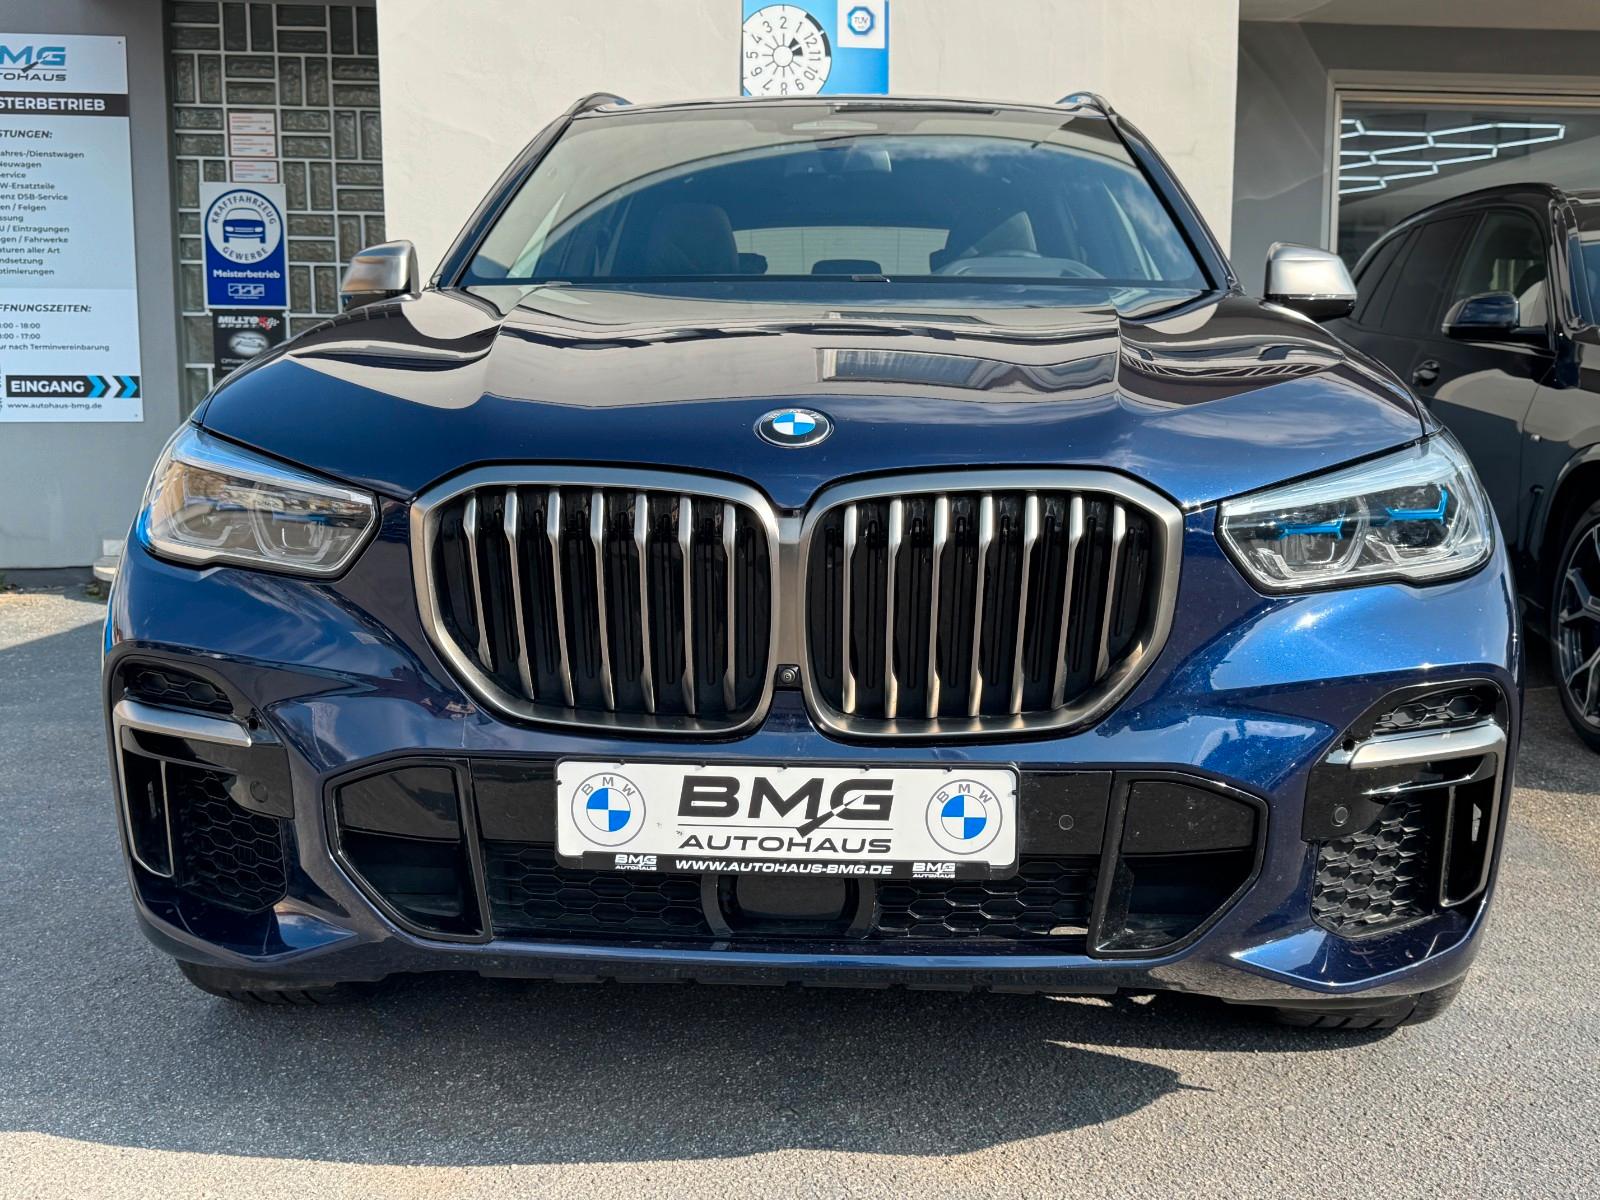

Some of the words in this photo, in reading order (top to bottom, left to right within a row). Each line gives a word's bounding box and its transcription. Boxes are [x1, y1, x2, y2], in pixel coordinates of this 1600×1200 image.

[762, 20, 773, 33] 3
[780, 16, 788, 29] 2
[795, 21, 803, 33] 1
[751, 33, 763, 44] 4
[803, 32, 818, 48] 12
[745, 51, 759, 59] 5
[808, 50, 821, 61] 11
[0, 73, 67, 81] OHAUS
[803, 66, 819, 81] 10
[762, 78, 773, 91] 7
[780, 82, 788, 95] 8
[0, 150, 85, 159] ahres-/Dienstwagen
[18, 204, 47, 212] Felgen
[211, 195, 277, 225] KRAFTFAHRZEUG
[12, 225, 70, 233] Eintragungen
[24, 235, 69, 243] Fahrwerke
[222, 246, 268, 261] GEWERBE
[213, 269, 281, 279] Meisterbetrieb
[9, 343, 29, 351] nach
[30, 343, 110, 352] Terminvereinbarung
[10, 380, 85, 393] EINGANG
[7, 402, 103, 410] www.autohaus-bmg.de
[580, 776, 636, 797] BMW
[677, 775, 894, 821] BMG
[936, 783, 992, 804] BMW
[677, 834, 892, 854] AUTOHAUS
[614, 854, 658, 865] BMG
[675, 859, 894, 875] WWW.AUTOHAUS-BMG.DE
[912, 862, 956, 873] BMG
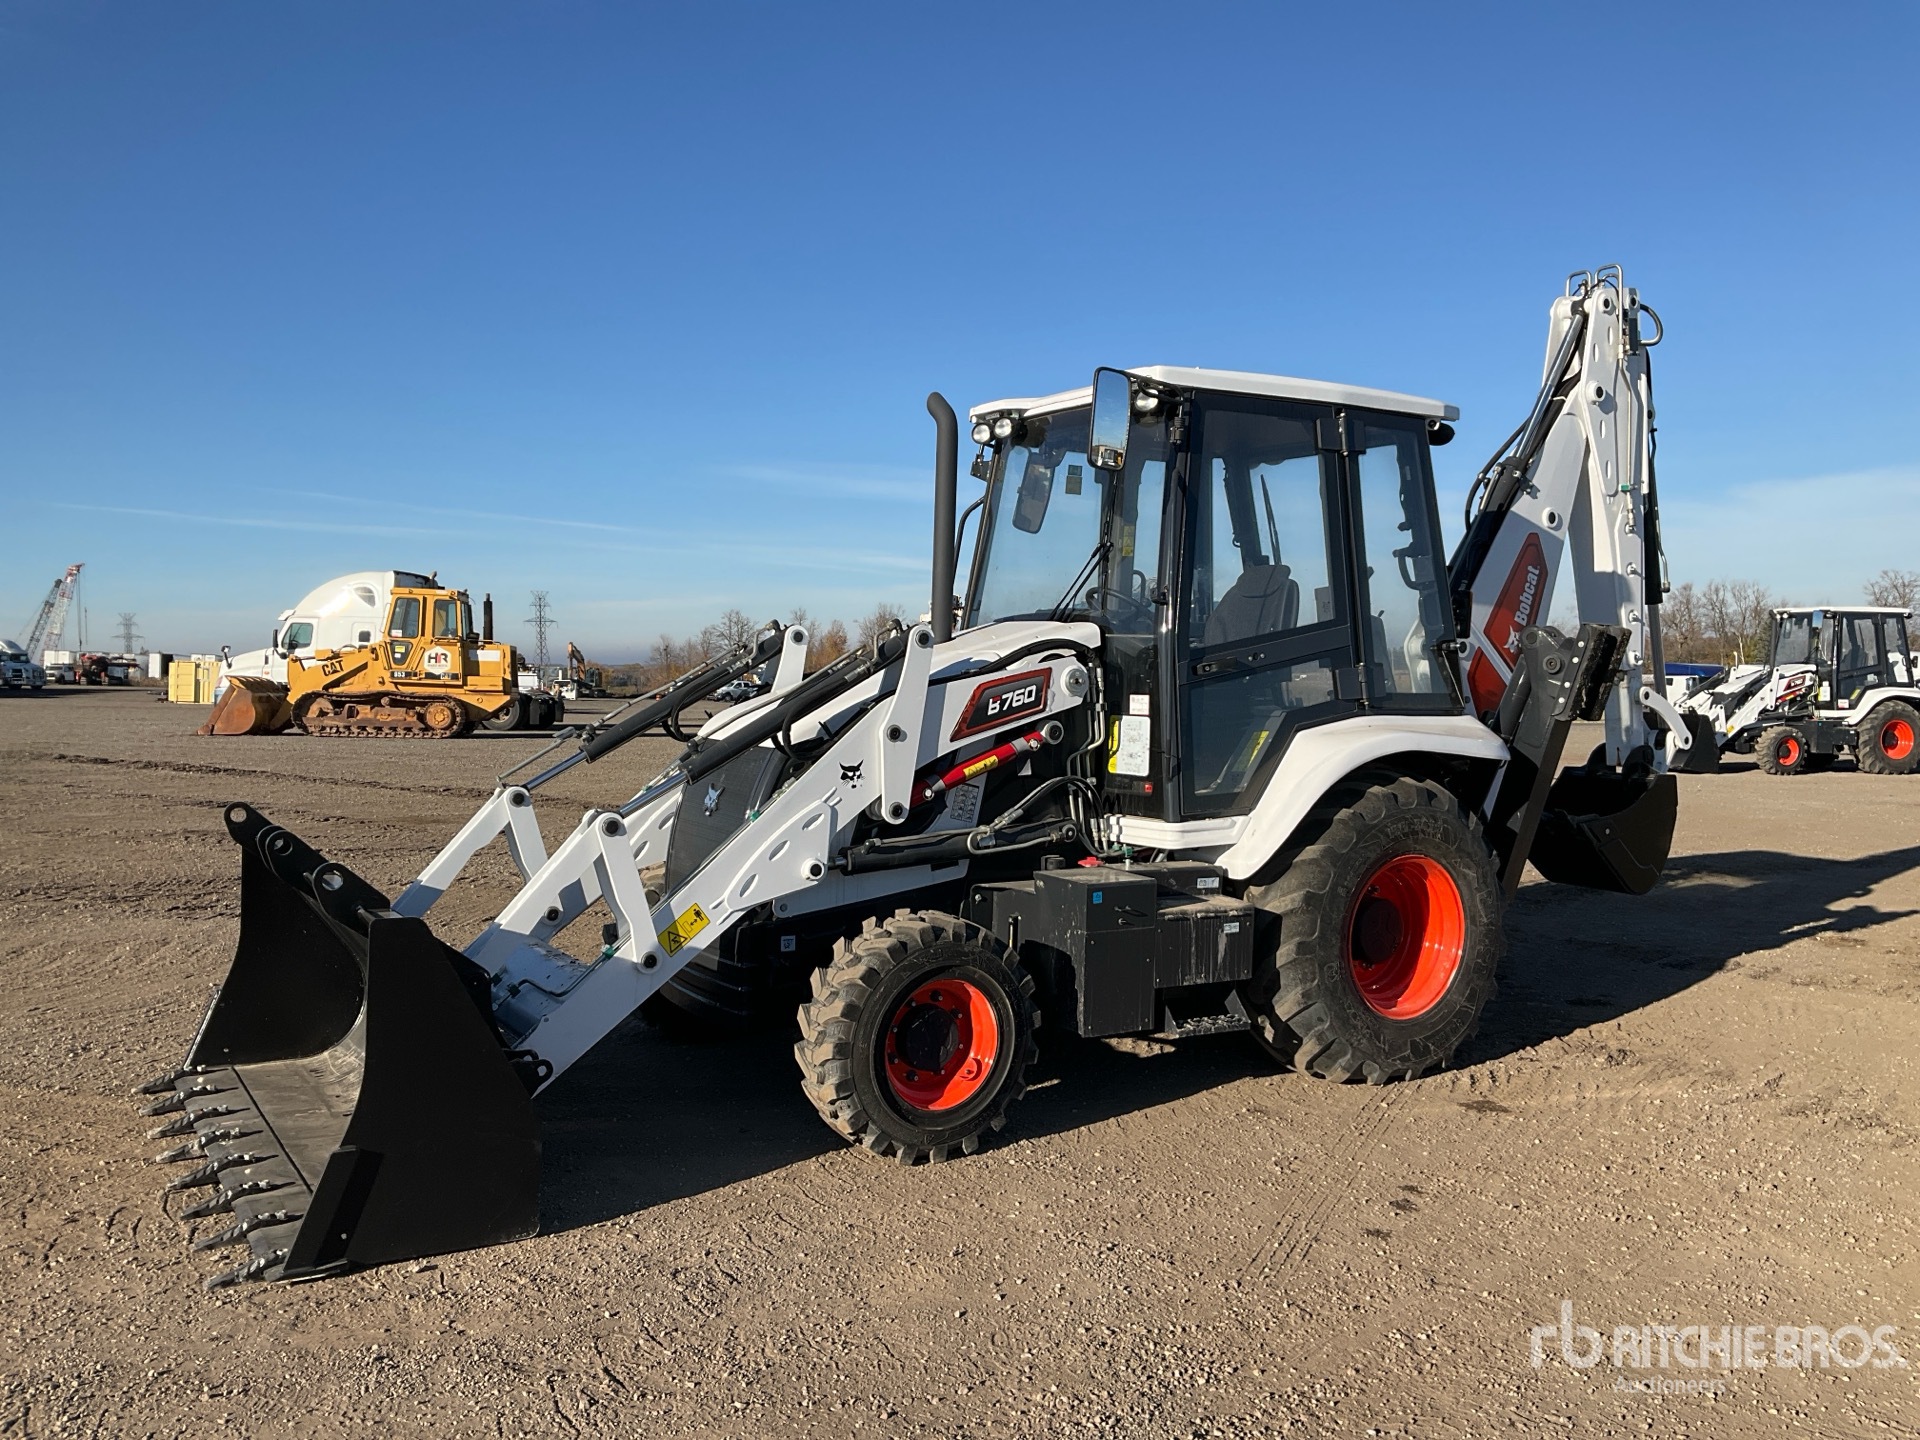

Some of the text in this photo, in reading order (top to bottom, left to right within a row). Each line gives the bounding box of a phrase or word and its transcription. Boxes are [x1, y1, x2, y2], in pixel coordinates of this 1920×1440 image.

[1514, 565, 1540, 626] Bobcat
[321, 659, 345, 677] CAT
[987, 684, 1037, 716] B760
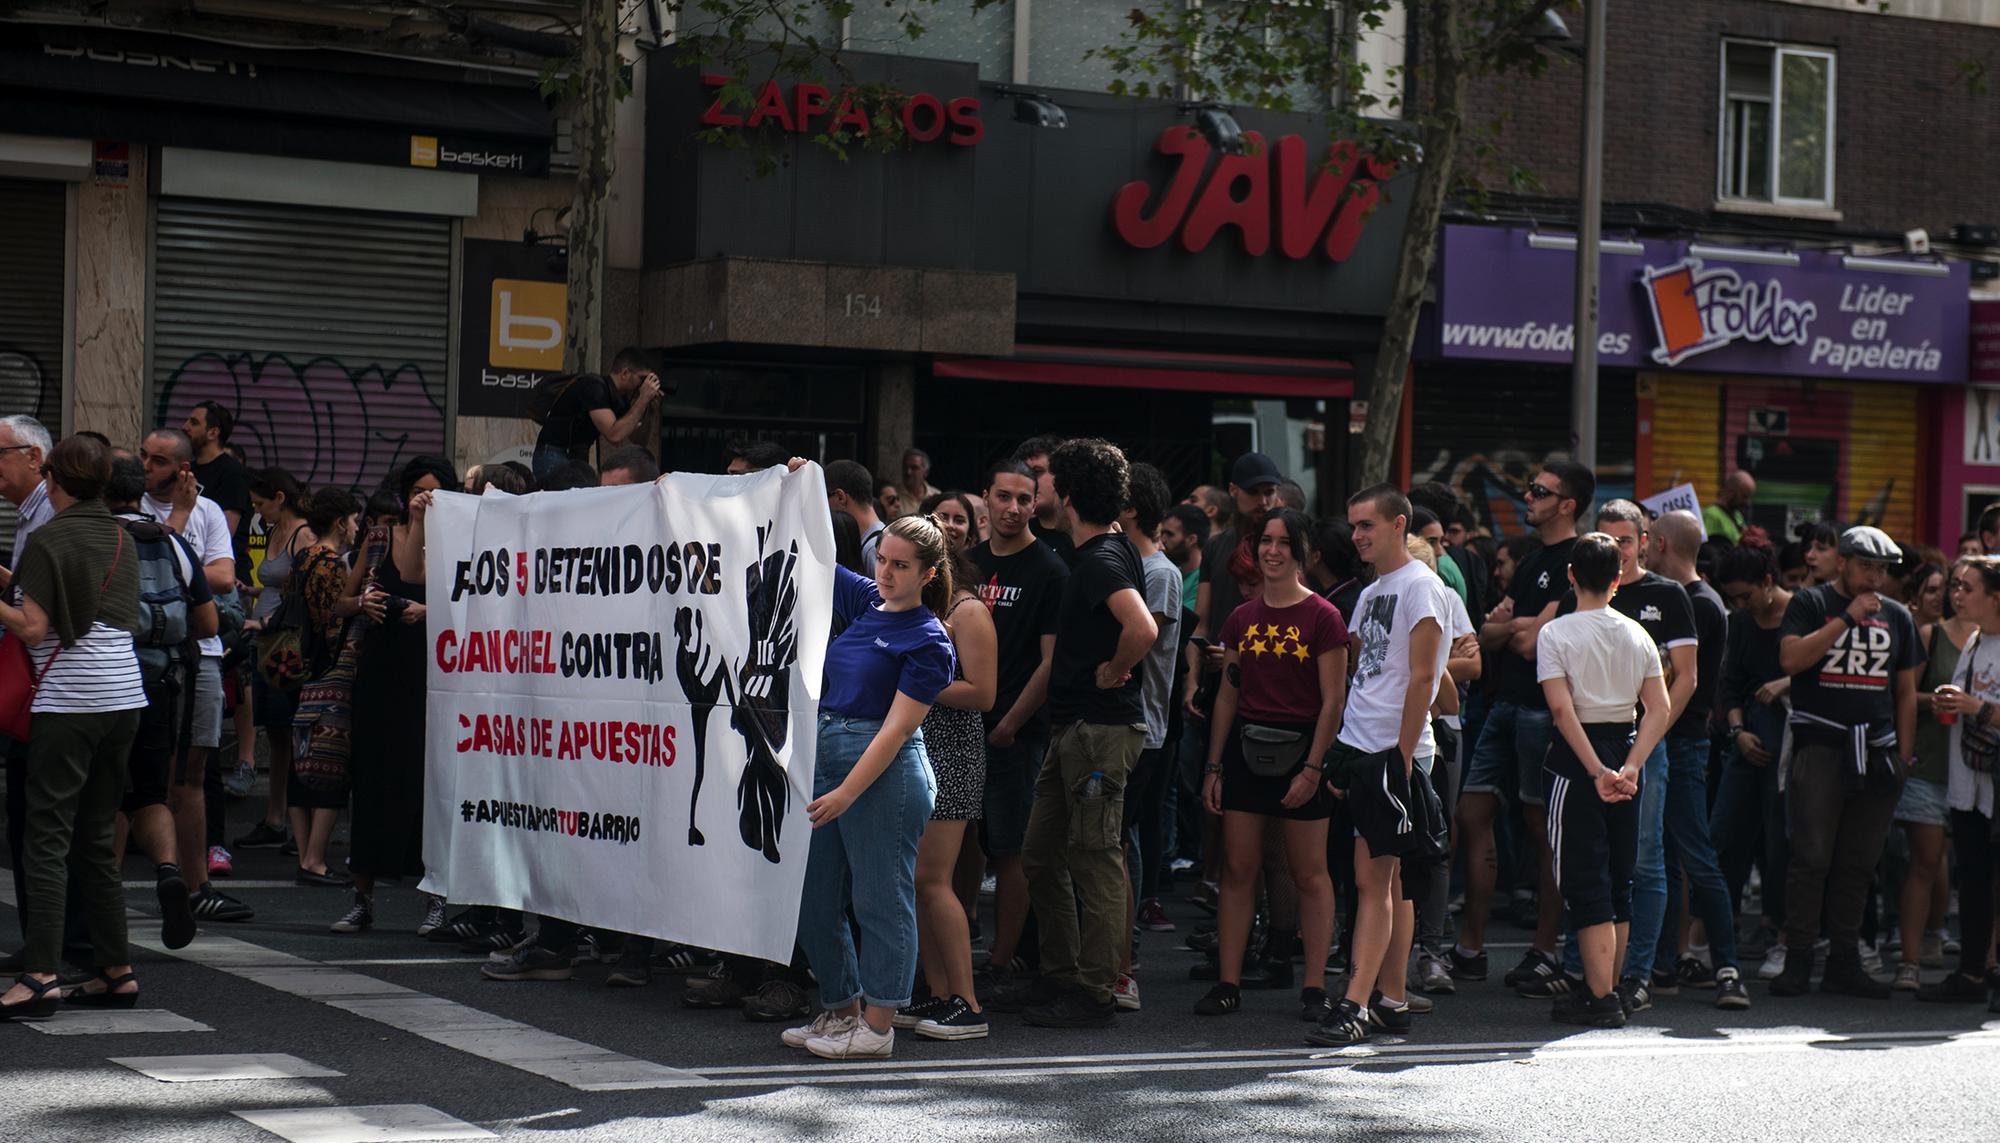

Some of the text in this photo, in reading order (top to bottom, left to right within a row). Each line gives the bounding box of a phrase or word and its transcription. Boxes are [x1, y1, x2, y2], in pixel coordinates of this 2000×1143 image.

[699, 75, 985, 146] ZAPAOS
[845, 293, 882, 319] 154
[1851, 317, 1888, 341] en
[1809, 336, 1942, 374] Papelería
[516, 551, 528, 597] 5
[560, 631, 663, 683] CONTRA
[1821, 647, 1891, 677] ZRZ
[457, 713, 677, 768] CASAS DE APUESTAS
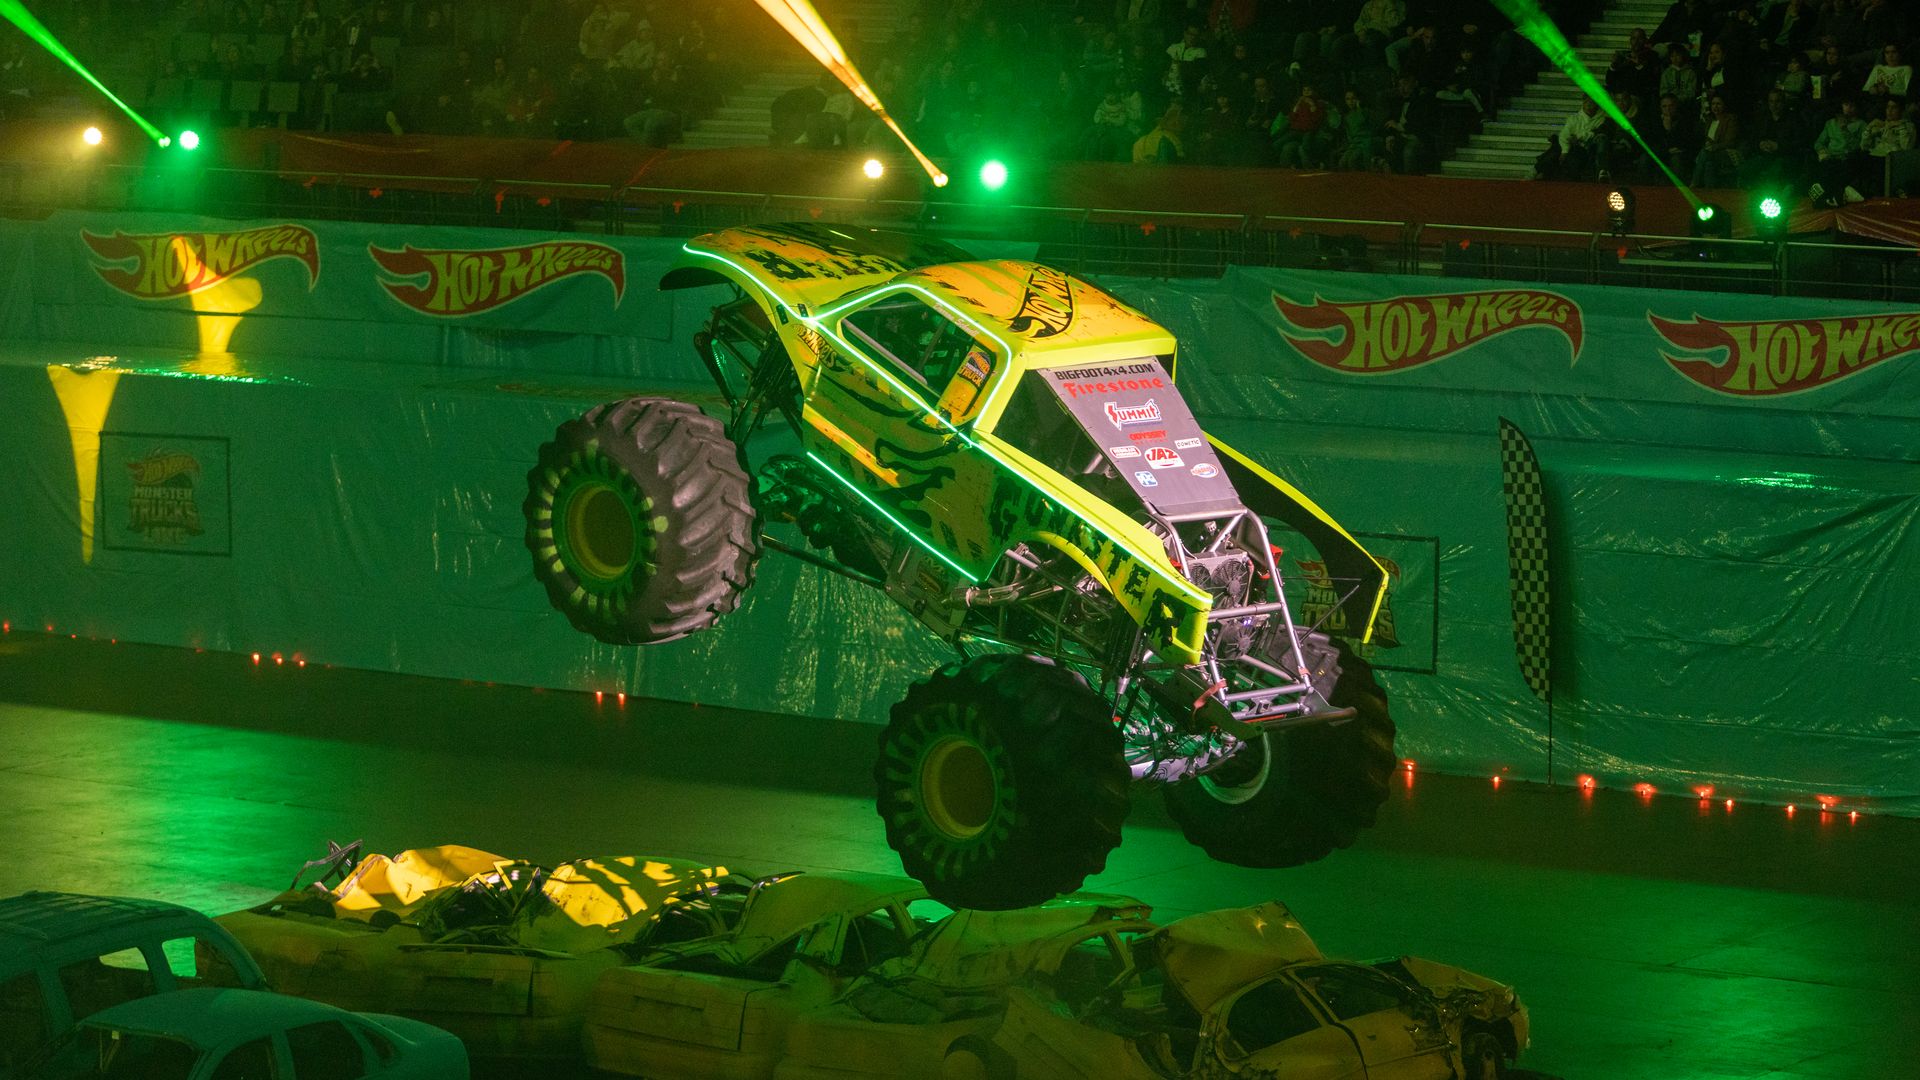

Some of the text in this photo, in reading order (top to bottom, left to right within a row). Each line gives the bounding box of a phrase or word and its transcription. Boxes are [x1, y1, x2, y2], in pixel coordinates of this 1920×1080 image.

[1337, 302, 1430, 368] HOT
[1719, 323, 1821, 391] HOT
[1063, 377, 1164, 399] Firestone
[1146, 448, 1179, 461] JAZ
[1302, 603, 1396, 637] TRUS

= = =

- [Exercise details] Every line above should be duplicated exactly; the pictures are to be left out.

- [Finished exercise]
Some of the words in this photo, in reading order (top to bottom, left to right within a row). Each line gives a word's bounding box and its transcription. Boxes are [x1, y1, x2, y2], in pixel coordinates of this 1600×1200 image.

[762, 20, 773, 33] 3
[780, 16, 788, 29] 2
[795, 21, 803, 33] 1
[751, 33, 763, 44] 4
[803, 32, 818, 48] 12
[745, 51, 759, 59] 5
[808, 50, 821, 61] 11
[0, 73, 67, 81] OHAUS
[803, 66, 819, 81] 10
[762, 78, 773, 91] 7
[780, 82, 788, 95] 8
[0, 150, 85, 159] ahres-/Dienstwagen
[18, 204, 47, 212] Felgen
[211, 195, 277, 225] KRAFTFAHRZEUG
[12, 225, 70, 233] Eintragungen
[24, 235, 69, 243] Fahrwerke
[222, 246, 268, 261] GEWERBE
[213, 269, 281, 279] Meisterbetrieb
[9, 343, 29, 351] nach
[30, 343, 110, 352] Terminvereinbarung
[10, 380, 85, 393] EINGANG
[7, 402, 103, 410] www.autohaus-bmg.de
[580, 776, 636, 797] BMW
[677, 775, 894, 821] BMG
[936, 783, 992, 804] BMW
[677, 834, 892, 854] AUTOHAUS
[614, 854, 658, 865] BMG
[675, 859, 894, 875] WWW.AUTOHAUS-BMG.DE
[912, 862, 956, 873] BMG

Some of the text in this photo, in reading order (top to bottom, left to right within a row). Each line gives the bounding box of a phrase or word and its transcription. Boxes are [x1, y1, x2, y2], in pixel coordinates of this 1920×1440 image.

[1514, 565, 1540, 626] Bobcat
[321, 659, 345, 677] CAT
[987, 684, 1037, 716] B760

Some of the text in this photo, in reading order (top to bottom, left to right within a row). Each line gives the bounding box of a phrase or word and its transcription. Boxes are [x1, y1, x2, y2], in pixel coordinates of this 2000×1143 image.

[699, 75, 985, 146] ZAPAOS
[845, 293, 882, 319] 154
[1851, 317, 1888, 341] en
[1809, 336, 1942, 374] Papelería
[516, 551, 528, 597] 5
[560, 631, 663, 683] CONTRA
[1821, 647, 1891, 677] ZRZ
[457, 713, 677, 768] CASAS DE APUESTAS

Some of the text in this photo, in reading order (top to bottom, left to right within a row). Each line gives the bounding box of a phrase or word and its transcription. Boxes are [x1, y1, x2, y2], in pixel coordinates of this 1920×1080 image.

[1337, 302, 1430, 368] HOT
[1719, 323, 1821, 391] HOT
[1063, 377, 1164, 399] Firestone
[1146, 448, 1179, 461] JAZ
[1302, 603, 1396, 637] TRUS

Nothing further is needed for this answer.